• PROBLEM REQUIREMENTS:
Below are some entries. Reproduce them word for word.

Referring expression grounding data
━━━━━━━━━━

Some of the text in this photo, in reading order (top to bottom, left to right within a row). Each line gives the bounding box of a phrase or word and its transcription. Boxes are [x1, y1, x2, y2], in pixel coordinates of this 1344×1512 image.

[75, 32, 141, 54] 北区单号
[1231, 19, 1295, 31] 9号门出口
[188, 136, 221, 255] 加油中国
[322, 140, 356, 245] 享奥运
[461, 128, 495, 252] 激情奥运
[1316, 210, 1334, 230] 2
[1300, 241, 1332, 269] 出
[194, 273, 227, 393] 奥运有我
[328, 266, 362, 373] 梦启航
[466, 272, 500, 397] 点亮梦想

━━━━━━━━━━

• RESPONSE FOR THIS EXERCISE:
Some of the text in this photo, in reading order (top to bottom, left to right within a row). Each line gives the bounding box of a phrase or word and its transcription. Boxes are [x1, y1, x2, y2], in pixel coordinates of this 1344×1512 image.

[75, 32, 141, 54] 北区单号
[1231, 19, 1295, 31] 9号门出口
[188, 136, 221, 255] 加油中国
[322, 140, 356, 245] 享奥运
[461, 128, 495, 252] 激情奥运
[1316, 210, 1334, 230] 2
[1300, 241, 1332, 269] 出
[194, 273, 227, 393] 奥运有我
[328, 266, 362, 373] 梦启航
[466, 272, 500, 397] 点亮梦想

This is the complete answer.